Lack of structural abstraction in learned policies: Purely data-driven policies often fail to capture reusable structure, limiting transfer across tasks, environments, and platforms.
Robustness and sim-to-real generalization: Policies trained in simulation may degrade when deployed in real environments due to modeling errors and unmodeled stochasticity.
These challenges highlight the need for learning mechanisms that exploit structure, invariants, and stochastic diversity to enable efficient and robust policy adaptation.
This research develops learning frameworks for adaptive agents by integrating structural priors, stochastic training environments, and task-invariant representations.
The methodological contributions can be organized into three complementary directions.
1. Structured Priors for Efficient Policy Adaptation
To improve learning efficiency, this work introduces structured priors into reinforcement learning, allowing agents to exploit existing knowledge during policy optimization.
Several forms of priors are explored:
Geometric abstractions, such as symmetry-guided learning, to reduce policy search space [1]
Demonstration policies, integrating implicit behavior cloning with reinforcement learning [2]
Motion primitives, enabling policy learning within structured motion representations [2][4]
These mechanisms accelerate learning and improve policy stability by constraining exploration to effective regions of the policy space.
2. Stochastic Simulation for Robust Learning and Sim-to-Real Transfer
To address robustness and sim-to-real generalization, the research investigates stochastic simulation as an intrinsic component of learning environments [5].
Instead of relying on deterministic simulation, the approach introduces structured stochasticity and domain randomization into training processes.

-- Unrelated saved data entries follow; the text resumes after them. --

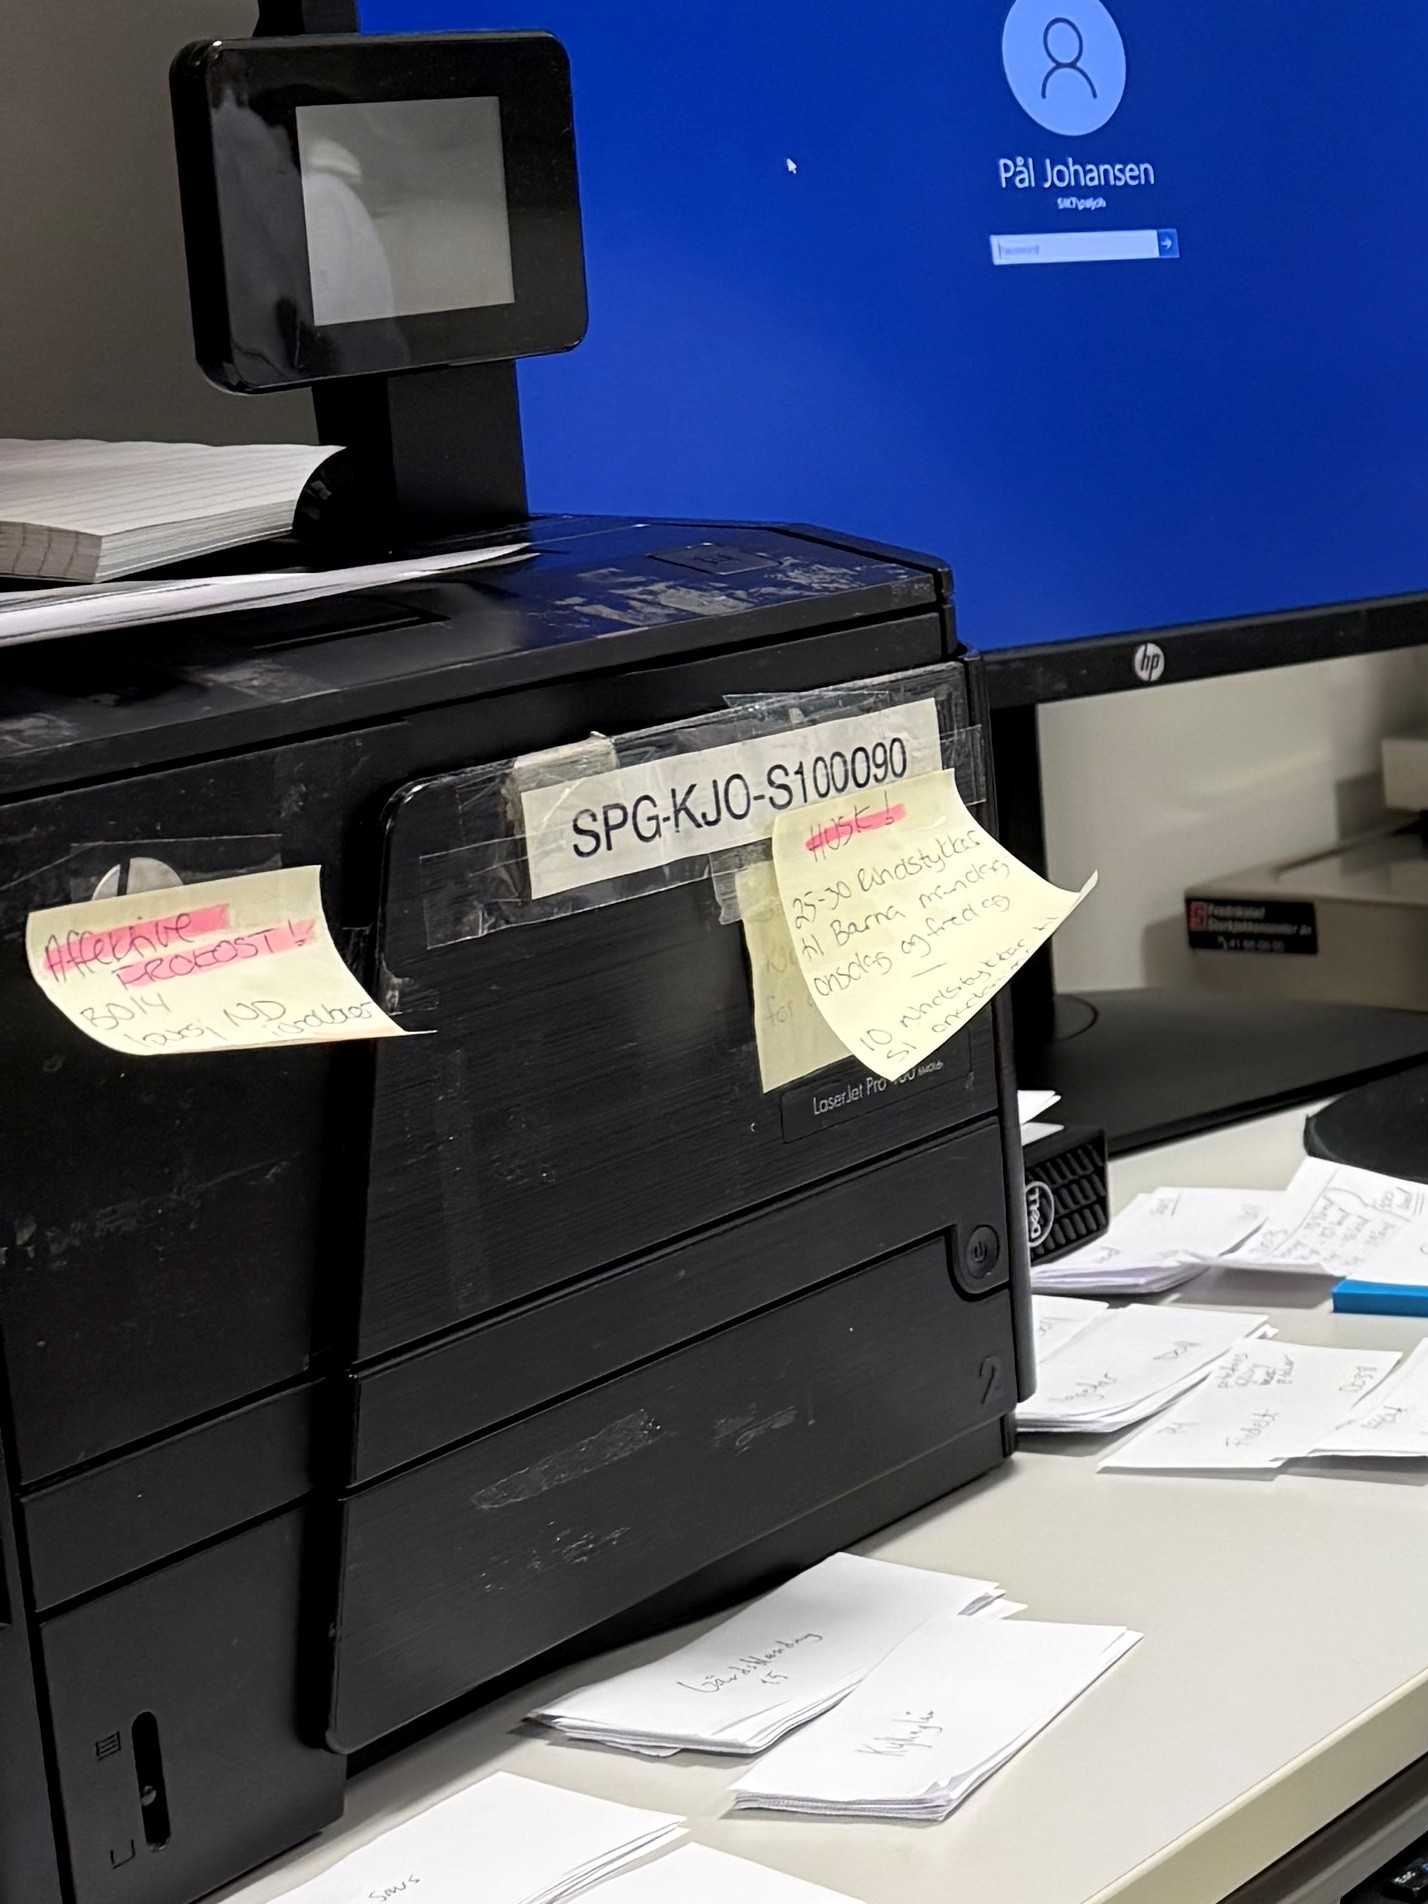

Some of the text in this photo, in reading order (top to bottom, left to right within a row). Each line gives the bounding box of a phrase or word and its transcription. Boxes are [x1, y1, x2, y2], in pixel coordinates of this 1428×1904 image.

[998, 156, 1156, 189] Pål Johansen
[572, 737, 908, 859] SPG-KJO-S100090
[812, 1082, 864, 1116] LaserJet
[866, 1076, 887, 1096] Pro
[1028, 1187, 1043, 1241] DELL
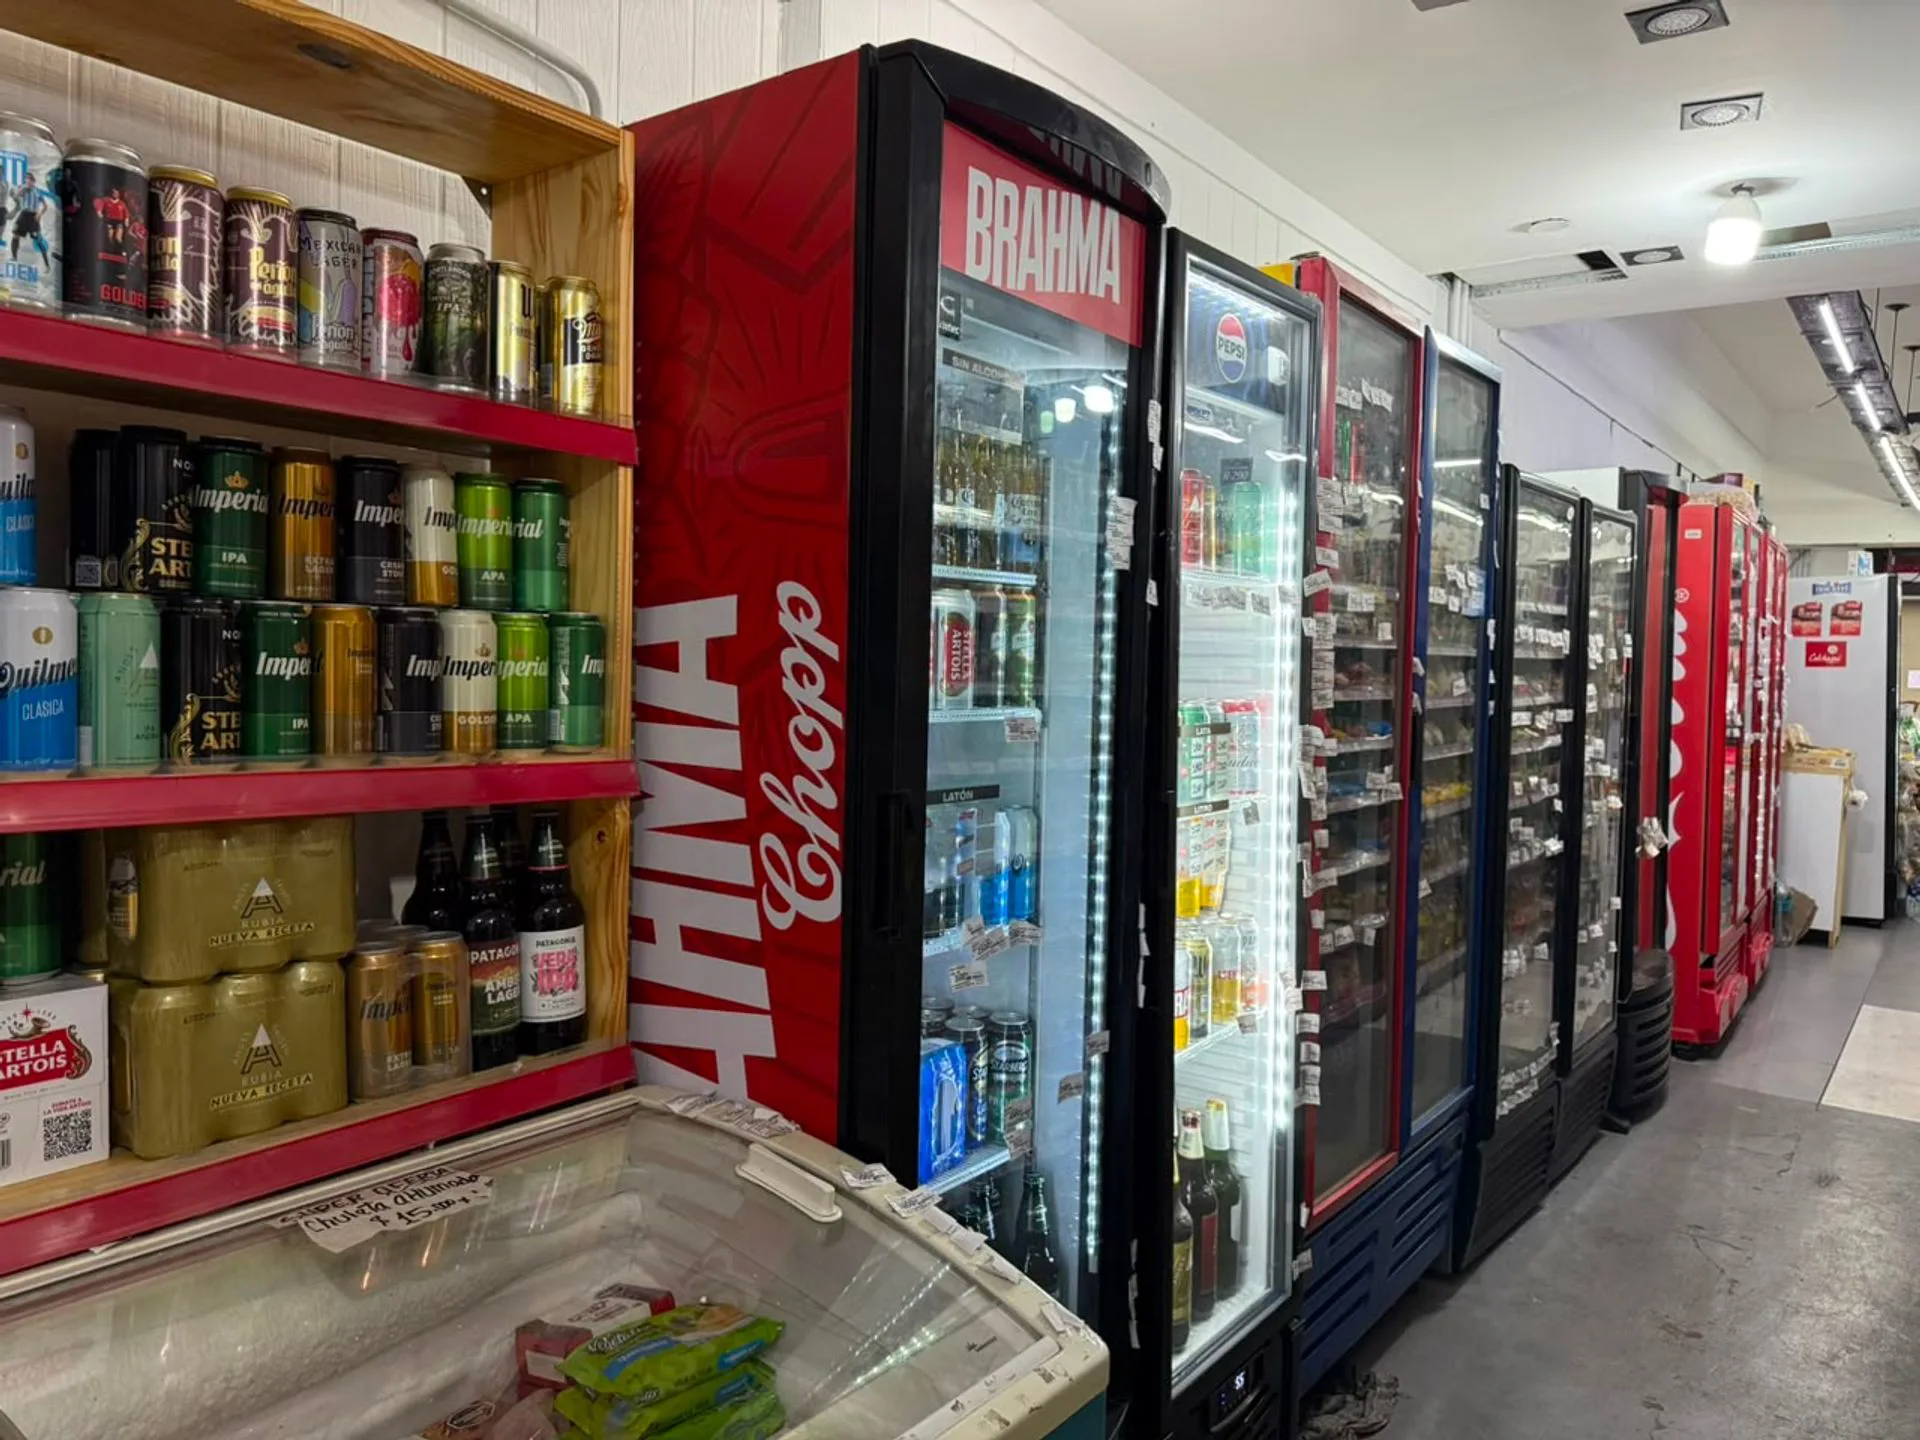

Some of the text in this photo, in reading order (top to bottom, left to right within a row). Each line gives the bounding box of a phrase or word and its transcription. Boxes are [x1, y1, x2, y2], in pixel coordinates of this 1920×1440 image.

[965, 166, 1121, 304] BRAHMA
[1217, 335, 1246, 360] PEPSI
[952, 355, 970, 370] SIN
[221, 551, 248, 564] IPA
[481, 570, 505, 581] APA
[950, 629, 962, 681] ARTOIS
[22, 699, 64, 720] CLASICA
[505, 712, 532, 724] APA
[292, 718, 309, 730] IPA
[757, 580, 845, 931] Chop
[942, 789, 974, 803] LATÓN
[241, 917, 284, 929] RUBIA
[209, 921, 315, 948] NUEVA RECETA
[210, 1072, 314, 1109] NUEVA RECETA
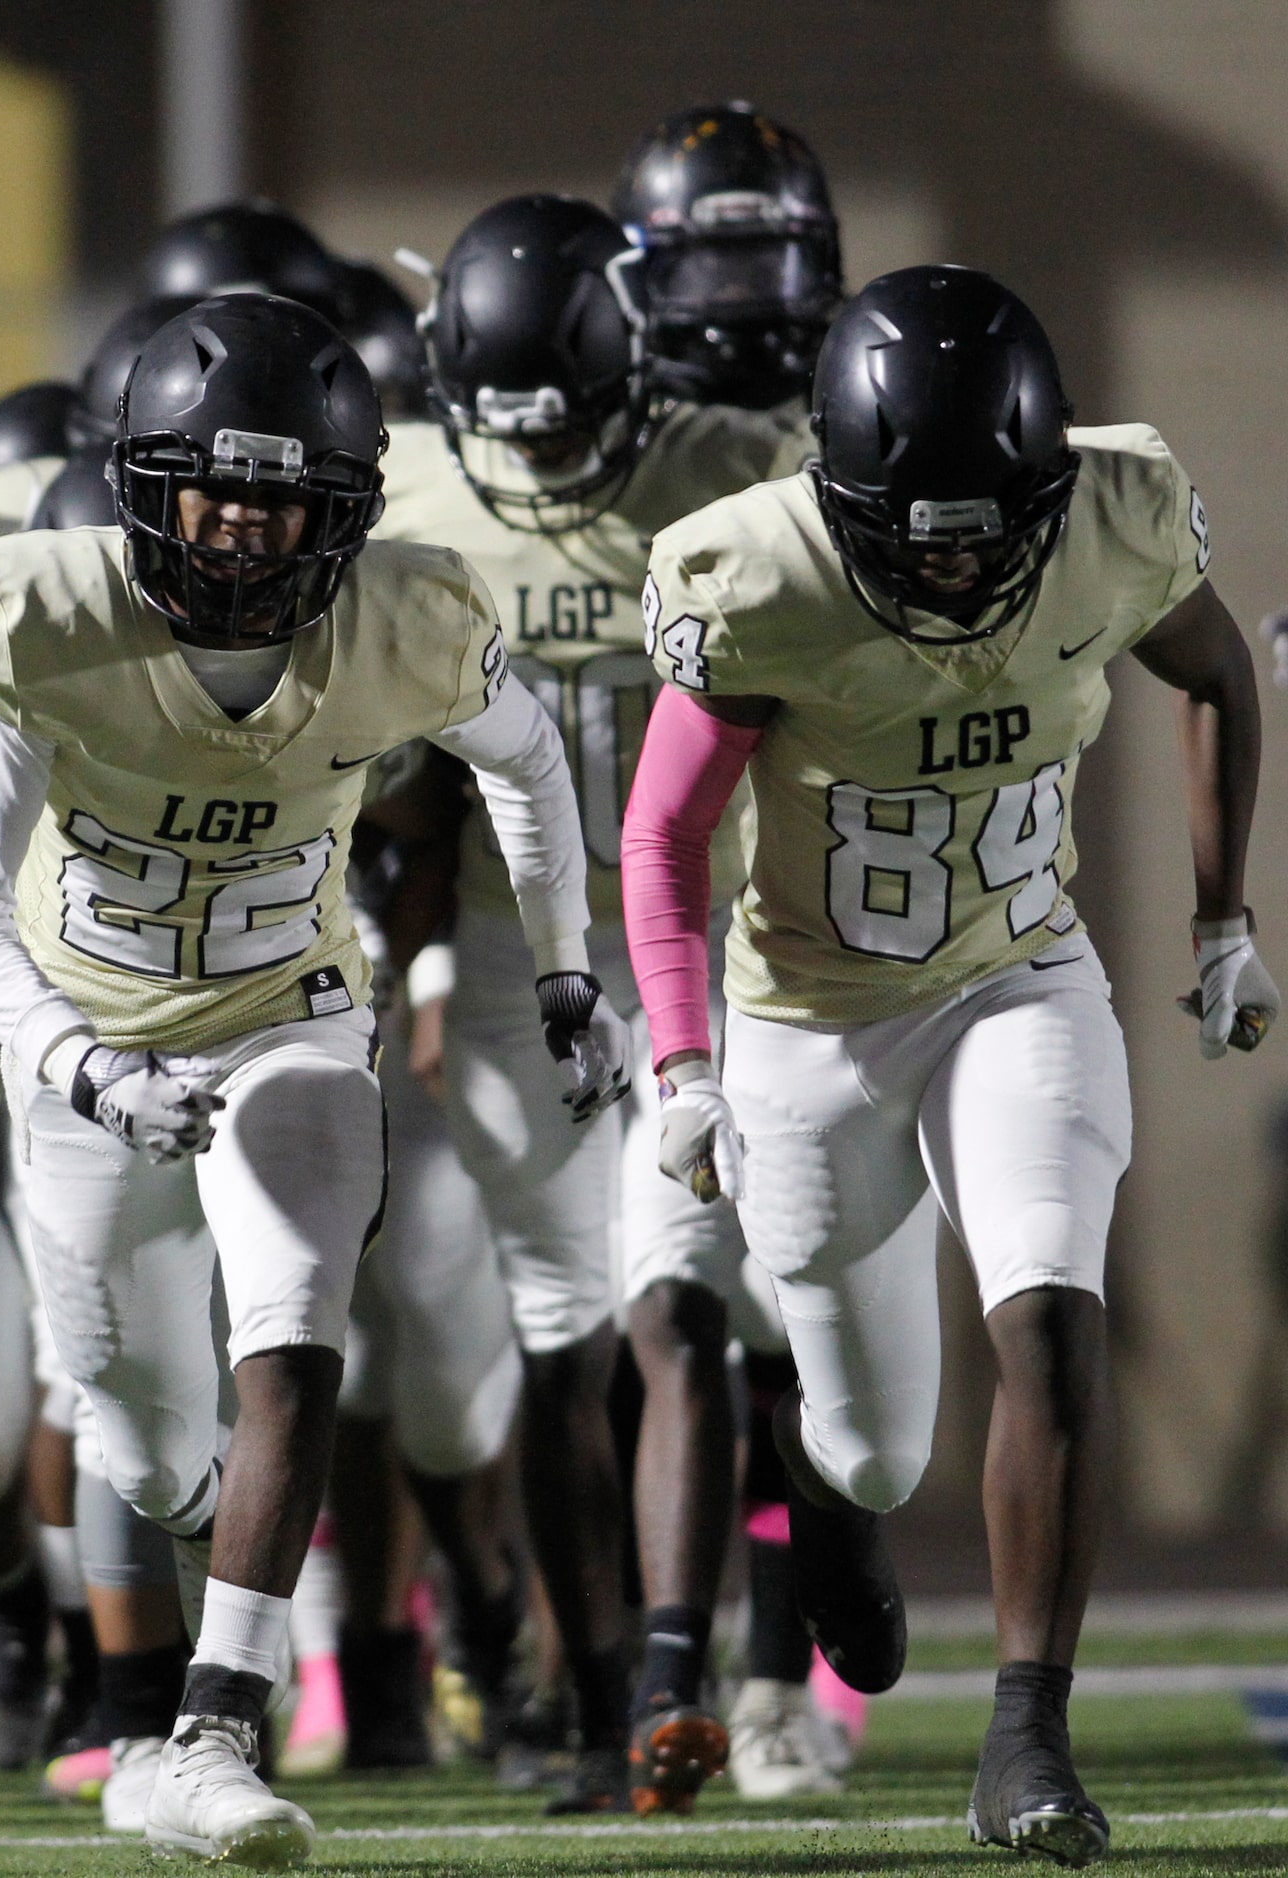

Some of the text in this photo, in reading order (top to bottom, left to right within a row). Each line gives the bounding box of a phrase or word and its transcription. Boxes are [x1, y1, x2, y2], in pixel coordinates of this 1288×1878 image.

[515, 579, 614, 642] LGP
[640, 569, 710, 693] 84
[918, 704, 1030, 775] LGP
[153, 794, 278, 844] LGP
[57, 808, 337, 979] 22
[824, 759, 1066, 965] 84
[316, 972, 330, 987] S

This enables agents to learn policies that remain robust under modeling errors, environmental variability, and sensor noise.
Such stochastic training environments help bridge the simulation–reality gap, improving the reliability of learned policies when deployed in physical systems.
3. Extraction of Task Invariants for Adaptive Behavior
Beyond accelerating learning, the research explores how task-invariant structures can be extracted and embedded into learning objectives.
Two complementary techniques are investigated:
Risk-aware reward shaping, embedding safety-related behavioral preferences into reinforcement learning [3]
Inverse reinforcement learning, identifying latent behavioral structures from observed trajectories [4]
By capturing invariant aspects of tasks and behaviors, these methods improve policy interpretability, transferability, and adaptability across varying operational conditions.
This research establishes a structured perspective on learning for adaptive agents, demonstrating that reinforcement learning can be significantly improved by incorporating prior knowledge, stochastic diversity, and task invariants.
The results show that:
Learning efficiency can be substantially increased through structured priors that constrain policy search and reuse existing knowledge.
Robustness to environmental uncertainty can be improved through stochastic simulation and domain randomization.
Safety-related behavioral preferences can be embedded into learning objectives via principled reward shaping and inverse reinforcement learning.
Together, these contributions illustrate how reinforcement learning systems can be designed to adapt to new tasks, environments, and safety constraints without extensive retraining or explicit task redefinition.
More broadly, this work highlights the importance of structure-aware learning mechanisms for building adaptive autonomous agents capable of operating in complex and evolving environments.
A. M. S. Enayati, Z. Zhang, K. Gupta, and H. Najjaran, "Sample-efficient reinforcement learning with symmetry-guided demonstrations for robotic manipulation", in Neural Computing & Applications, Vol. 38, no. 24, Jan 2026, DOI: 10.1007/s00521-025-11733-1. [Springer][arXiv]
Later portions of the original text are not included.